Drain and rinse the almonds the next day and get ready for the fun part.
Place your drained almonds in a blender with 3 cups of water. Blend the water and almonds together until the almonds are well-processed, about 1½ minutes.
It's starting to look a lot like milk now!
Pour your milk into a French press, then let it sit for about 3-5 minutes to settle. You'll notice it's much more difficult to push down than coffee normally is in the French press. But take your time, go slowly, and keep pressing; the end result will be worth it.
Depending upon the make and quality of your French Press, you might find this pressing process slightly difficult. Your almond pulp might also get caught at the top of the lip before you pour (in which case, remove it, set aside, and keep pressing).

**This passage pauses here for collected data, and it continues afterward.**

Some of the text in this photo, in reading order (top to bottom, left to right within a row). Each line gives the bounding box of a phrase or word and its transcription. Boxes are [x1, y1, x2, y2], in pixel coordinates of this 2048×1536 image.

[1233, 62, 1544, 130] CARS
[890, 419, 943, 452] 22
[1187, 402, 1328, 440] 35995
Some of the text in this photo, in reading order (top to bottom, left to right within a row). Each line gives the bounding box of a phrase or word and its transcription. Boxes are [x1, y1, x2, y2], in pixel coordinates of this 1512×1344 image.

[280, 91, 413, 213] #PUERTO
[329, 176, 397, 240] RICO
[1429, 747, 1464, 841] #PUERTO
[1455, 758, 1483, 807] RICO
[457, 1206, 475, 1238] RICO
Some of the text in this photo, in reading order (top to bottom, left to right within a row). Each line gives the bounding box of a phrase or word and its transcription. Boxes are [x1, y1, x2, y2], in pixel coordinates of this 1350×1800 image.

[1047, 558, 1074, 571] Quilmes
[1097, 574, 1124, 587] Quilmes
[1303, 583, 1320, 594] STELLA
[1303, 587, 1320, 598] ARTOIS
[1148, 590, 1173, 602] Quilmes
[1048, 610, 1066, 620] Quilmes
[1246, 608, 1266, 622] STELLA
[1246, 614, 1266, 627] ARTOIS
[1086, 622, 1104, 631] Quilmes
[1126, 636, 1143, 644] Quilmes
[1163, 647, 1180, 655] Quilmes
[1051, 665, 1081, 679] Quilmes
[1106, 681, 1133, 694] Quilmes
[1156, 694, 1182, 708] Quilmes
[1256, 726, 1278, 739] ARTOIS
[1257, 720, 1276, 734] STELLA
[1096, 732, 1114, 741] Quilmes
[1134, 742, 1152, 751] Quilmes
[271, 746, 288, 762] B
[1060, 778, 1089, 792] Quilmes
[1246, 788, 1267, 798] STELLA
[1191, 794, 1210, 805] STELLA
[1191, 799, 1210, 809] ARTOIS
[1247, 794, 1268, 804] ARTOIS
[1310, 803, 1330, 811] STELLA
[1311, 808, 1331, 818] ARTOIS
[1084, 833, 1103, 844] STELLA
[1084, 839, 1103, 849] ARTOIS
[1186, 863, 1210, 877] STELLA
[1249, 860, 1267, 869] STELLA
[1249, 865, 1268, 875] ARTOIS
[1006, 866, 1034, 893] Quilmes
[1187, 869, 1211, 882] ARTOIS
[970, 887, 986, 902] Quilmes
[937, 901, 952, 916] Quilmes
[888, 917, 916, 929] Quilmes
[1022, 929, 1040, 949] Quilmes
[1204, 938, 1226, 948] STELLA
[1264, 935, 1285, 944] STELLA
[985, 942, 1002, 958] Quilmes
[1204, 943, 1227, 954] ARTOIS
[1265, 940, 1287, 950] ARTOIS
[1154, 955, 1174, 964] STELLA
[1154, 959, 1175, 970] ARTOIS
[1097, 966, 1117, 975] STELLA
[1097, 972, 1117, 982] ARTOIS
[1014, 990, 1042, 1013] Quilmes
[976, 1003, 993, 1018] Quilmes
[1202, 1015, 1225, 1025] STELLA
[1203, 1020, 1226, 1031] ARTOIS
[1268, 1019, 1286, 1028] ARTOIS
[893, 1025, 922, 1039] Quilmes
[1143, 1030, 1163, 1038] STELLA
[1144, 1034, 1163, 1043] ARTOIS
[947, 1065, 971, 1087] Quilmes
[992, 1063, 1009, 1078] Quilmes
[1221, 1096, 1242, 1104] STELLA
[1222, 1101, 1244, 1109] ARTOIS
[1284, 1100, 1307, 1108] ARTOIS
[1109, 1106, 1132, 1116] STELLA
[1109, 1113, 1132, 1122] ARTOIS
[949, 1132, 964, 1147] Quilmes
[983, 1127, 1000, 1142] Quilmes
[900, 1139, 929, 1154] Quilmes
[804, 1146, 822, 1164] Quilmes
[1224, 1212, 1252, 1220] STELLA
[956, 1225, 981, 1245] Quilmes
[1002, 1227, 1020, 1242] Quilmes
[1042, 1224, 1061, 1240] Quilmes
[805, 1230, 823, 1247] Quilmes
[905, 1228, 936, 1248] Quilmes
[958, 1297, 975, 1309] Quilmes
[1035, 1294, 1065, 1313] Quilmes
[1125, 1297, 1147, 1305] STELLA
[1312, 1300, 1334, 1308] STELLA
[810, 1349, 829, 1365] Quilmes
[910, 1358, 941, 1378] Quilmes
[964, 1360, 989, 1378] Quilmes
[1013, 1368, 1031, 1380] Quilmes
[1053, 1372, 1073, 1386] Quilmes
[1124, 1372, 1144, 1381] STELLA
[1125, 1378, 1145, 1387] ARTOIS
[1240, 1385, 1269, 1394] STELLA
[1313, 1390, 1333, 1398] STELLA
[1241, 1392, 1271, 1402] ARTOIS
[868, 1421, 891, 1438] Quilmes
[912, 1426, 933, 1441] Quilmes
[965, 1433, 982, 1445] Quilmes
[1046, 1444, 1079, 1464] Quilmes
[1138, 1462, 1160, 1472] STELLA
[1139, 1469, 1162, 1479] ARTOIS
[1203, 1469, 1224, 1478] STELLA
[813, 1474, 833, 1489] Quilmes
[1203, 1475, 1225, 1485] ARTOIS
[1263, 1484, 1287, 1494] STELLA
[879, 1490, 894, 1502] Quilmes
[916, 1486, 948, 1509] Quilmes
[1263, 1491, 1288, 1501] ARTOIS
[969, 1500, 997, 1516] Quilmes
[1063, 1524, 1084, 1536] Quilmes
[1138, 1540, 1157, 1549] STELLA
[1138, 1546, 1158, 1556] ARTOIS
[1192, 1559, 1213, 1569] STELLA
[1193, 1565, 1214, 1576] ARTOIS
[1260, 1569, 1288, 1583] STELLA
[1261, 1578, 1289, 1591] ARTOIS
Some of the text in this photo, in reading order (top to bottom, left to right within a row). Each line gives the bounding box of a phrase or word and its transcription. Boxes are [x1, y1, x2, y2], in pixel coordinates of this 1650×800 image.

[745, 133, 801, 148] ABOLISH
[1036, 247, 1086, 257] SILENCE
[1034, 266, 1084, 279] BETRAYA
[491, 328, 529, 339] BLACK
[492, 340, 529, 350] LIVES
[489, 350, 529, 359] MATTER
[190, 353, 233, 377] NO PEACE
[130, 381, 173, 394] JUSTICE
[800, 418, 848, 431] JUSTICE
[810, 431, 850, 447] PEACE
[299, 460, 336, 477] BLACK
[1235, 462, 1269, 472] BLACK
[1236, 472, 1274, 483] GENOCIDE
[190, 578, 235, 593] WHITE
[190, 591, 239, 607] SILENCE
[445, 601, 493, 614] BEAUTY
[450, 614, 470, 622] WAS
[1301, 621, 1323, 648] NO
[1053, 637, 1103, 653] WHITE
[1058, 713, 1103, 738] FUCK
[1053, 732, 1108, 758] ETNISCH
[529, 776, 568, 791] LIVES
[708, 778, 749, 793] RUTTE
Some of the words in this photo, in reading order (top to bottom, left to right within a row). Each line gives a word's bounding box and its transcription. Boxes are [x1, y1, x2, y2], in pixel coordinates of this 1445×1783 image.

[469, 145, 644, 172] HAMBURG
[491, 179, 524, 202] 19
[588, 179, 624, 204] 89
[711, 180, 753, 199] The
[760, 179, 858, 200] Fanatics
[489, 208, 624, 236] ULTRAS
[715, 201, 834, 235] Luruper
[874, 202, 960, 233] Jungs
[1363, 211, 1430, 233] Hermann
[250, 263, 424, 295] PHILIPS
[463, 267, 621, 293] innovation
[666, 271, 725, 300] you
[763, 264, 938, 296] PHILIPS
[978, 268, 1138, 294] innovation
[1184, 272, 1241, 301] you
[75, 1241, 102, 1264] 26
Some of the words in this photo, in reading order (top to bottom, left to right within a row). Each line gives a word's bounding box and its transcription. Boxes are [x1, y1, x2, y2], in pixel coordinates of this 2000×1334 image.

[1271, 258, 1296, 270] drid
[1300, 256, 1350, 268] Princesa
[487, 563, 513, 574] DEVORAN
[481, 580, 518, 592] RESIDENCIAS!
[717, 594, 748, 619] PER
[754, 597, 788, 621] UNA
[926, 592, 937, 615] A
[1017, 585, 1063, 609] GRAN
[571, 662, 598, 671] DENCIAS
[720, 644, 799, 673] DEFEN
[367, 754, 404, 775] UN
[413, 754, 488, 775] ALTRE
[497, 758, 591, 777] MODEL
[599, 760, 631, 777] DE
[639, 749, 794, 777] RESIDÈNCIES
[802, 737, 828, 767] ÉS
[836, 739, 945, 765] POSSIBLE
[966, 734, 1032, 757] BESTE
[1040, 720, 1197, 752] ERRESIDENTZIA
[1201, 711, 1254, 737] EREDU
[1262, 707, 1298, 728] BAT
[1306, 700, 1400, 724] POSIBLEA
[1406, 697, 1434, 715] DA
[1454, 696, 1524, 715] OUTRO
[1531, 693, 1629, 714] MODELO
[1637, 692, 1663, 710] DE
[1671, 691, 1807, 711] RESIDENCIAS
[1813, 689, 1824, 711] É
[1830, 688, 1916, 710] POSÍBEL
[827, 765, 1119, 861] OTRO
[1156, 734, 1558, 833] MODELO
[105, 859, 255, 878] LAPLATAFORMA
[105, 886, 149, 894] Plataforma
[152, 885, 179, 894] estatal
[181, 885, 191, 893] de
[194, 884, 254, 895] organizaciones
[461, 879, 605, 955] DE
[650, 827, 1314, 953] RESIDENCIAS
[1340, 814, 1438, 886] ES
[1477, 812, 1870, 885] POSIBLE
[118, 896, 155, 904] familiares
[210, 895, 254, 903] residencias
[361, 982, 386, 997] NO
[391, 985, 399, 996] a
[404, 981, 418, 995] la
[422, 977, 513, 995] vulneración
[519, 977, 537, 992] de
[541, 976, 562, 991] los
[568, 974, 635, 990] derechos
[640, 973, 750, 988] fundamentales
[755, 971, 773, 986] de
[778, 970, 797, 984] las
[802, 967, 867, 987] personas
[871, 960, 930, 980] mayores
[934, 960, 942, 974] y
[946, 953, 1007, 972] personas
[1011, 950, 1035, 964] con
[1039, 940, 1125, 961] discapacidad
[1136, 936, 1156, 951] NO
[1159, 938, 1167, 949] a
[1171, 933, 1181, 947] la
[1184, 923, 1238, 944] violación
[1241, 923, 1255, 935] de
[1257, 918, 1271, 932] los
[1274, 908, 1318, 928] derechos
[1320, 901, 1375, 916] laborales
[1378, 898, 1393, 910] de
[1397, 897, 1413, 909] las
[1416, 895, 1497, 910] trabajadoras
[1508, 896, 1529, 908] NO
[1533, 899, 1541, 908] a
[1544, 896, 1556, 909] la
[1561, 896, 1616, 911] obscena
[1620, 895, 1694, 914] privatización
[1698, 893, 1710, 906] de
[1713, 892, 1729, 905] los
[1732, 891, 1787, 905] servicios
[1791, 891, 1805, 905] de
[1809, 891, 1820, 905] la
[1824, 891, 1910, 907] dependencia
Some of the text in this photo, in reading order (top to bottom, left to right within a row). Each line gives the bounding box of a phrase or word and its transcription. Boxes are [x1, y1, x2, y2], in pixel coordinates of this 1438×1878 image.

Once your almond meal is separated from your milk, you're ready to enjoy. The milk will be a bit thicker in consistency than store-bought almond milk and will more closely resemble the taste of creamer.
We've chosen to enjoy our freshly-made almond milk with coffee, but you can substitute yours in any recipe intended for cow's milk—or just on its own. It's really that good.
Store the remaining almond milk in a mason jar or any airtight container you own and keep it refrigerated; the milk will be good for 7-10 days.
As for the leftover almond pulp at the bottom of the French press... don't toss it out! If you dehydrate it and turn it into almond meal, it can be used to make bread, pancakes, cookies, crackers, and as a crust for fish and chicken. Waste not, want not.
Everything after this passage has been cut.